TRX suppresses such inflammatory reaction derived from the
increased neutrophils by inhibiting the increase in
neutrophils.
[0090] Since preventive or therapeutic agents of the present
invention contain TRX and/or one or more of its inducers, they can
control inflammation derived from the increase of neutrophils (not
in particular organs but in various organs in the entire body) that
is induced by toxic substances contained in smoke such as smoke of
tobacco. Accordingly, the therapeutic or preventive agents of the
present invention are effective against a wide range of disorders
caused by such toxic substances.
[0091] Second, TRX prevents toxic substances contained in smoke
produced by the combustion of fibers like tobacco from inducing the
expression of TNF-.alpha. and MIF. TNF-.alpha. and MIF are early
inflammatory cytokines.
[0092] Inflammatory reaction (systemic inflammatory reaction)
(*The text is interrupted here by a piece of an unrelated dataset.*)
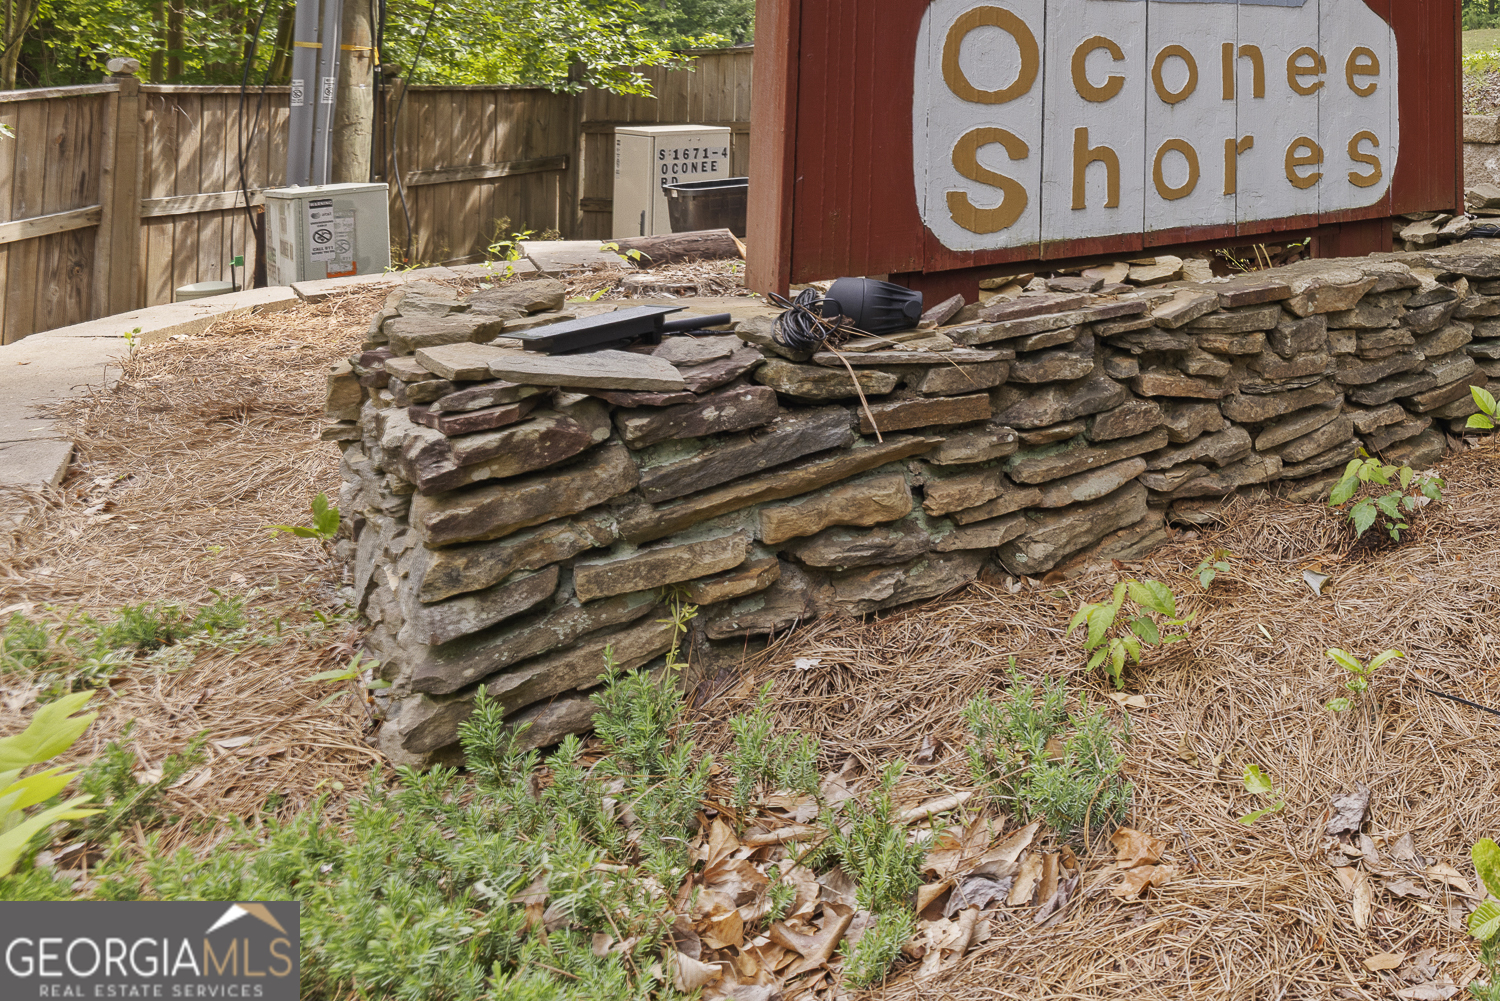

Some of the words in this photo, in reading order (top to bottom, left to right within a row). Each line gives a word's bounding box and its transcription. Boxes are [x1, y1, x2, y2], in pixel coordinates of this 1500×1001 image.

[942, 5, 1380, 104] Oconee
[661, 161, 718, 175] OCONEE
[946, 127, 1382, 234] Shores
caused by TNF-.alpha. and MIF is another factor of disorders
induced by toxic substances contained in smoke such as smoke of
tobacco. The expression of TNF-.alpha. and MIF is induced by such
toxic substances. TRX suppresses the expression of these
inflammatory cytokines (TNF-.alpha. and MIF) and consequently
alleviates the inflammatory reaction in the body.
[0093] TNF-.alpha. plays an important role in systemic inflammatory
reaction induced by smoking. The results of this study indicate
that TRX prevents toxic substances contained in, for example, smoke
of tobacco from inducing the expression of mRNA of TNF-.alpha. and
the expression of TNF-.alpha. protein.
[0094] MIF, as well as TNF-.alpha., plays an important role in
systemic inflammatory reactions induced by smoking. MIF is known as
a cytokine that is closely involved in delayed allergic reaction.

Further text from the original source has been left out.